**Work to complete:** Without the images, reproduce every entry exactly.
[Records provided — start]
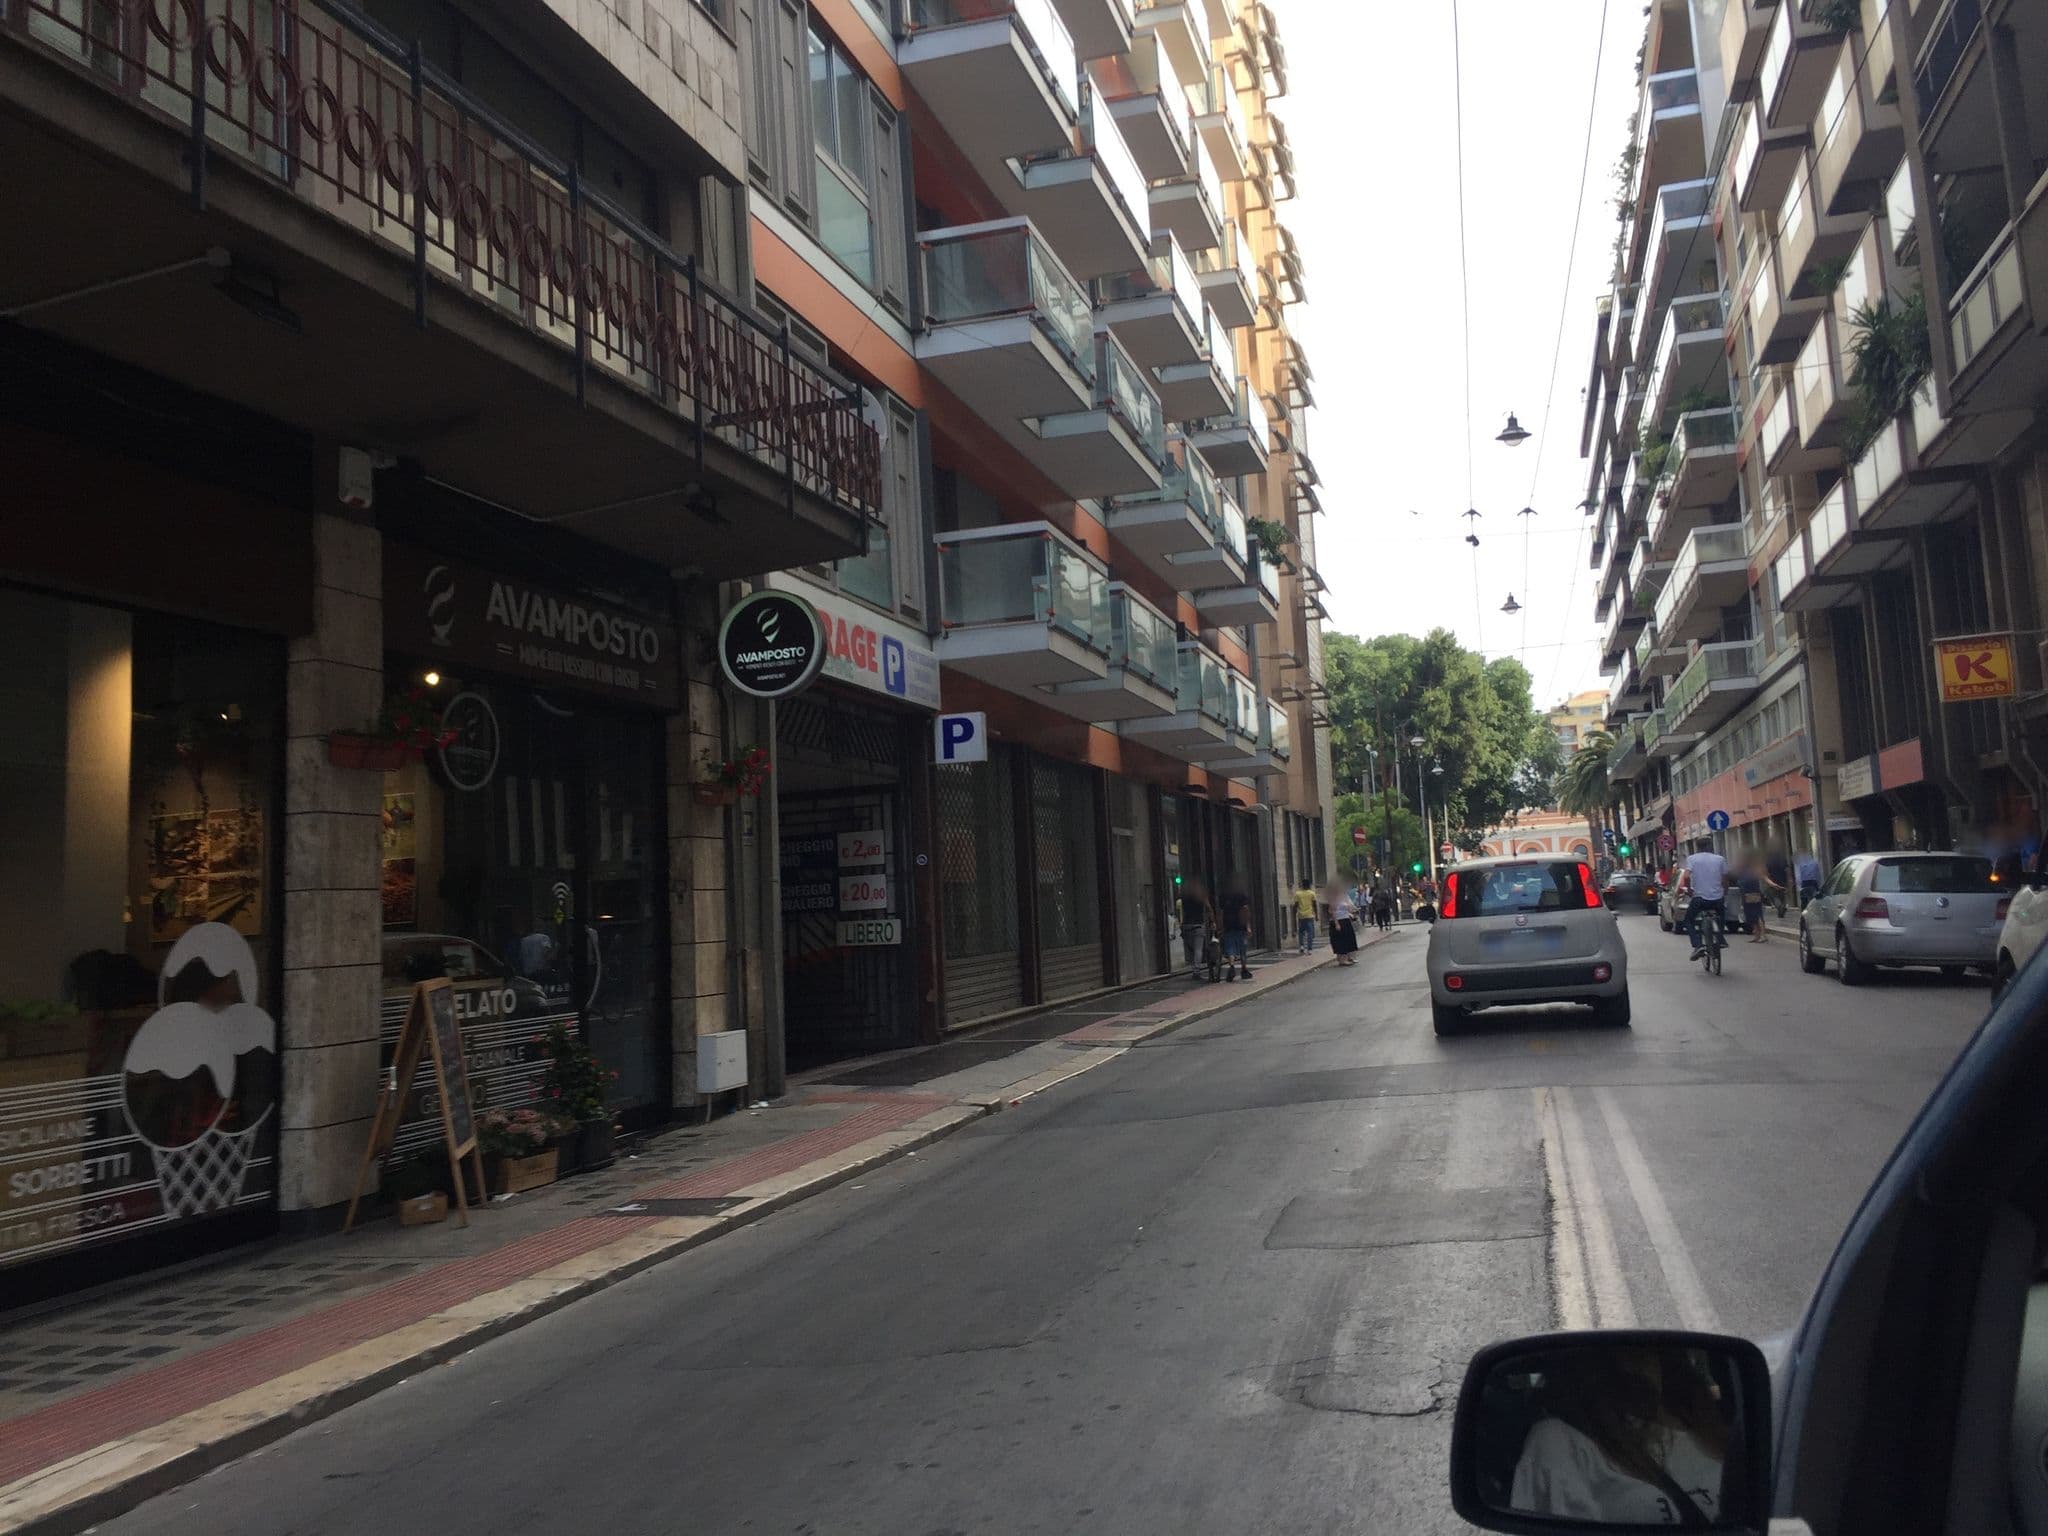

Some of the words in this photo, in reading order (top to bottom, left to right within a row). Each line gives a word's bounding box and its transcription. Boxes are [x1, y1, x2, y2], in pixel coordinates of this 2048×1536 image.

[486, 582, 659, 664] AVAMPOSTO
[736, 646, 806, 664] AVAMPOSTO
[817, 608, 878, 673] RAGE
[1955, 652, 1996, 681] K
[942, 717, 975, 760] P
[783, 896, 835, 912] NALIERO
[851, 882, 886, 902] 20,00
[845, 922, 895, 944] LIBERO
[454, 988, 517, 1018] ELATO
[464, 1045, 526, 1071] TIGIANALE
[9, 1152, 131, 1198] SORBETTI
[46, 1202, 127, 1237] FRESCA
[Records provided — finish]
**Worked solution:**
Some of the words in this photo, in reading order (top to bottom, left to right within a row). Each line gives a word's bounding box and its transcription. Boxes are [x1, y1, x2, y2], in pixel coordinates of this 2048×1536 image.

[486, 582, 659, 664] AVAMPOSTO
[736, 646, 806, 664] AVAMPOSTO
[817, 608, 878, 673] RAGE
[1955, 652, 1996, 681] K
[942, 717, 975, 760] P
[783, 896, 835, 912] NALIERO
[851, 882, 886, 902] 20,00
[845, 922, 895, 944] LIBERO
[454, 988, 517, 1018] ELATO
[464, 1045, 526, 1071] TIGIANALE
[9, 1152, 131, 1198] SORBETTI
[46, 1202, 127, 1237] FRESCA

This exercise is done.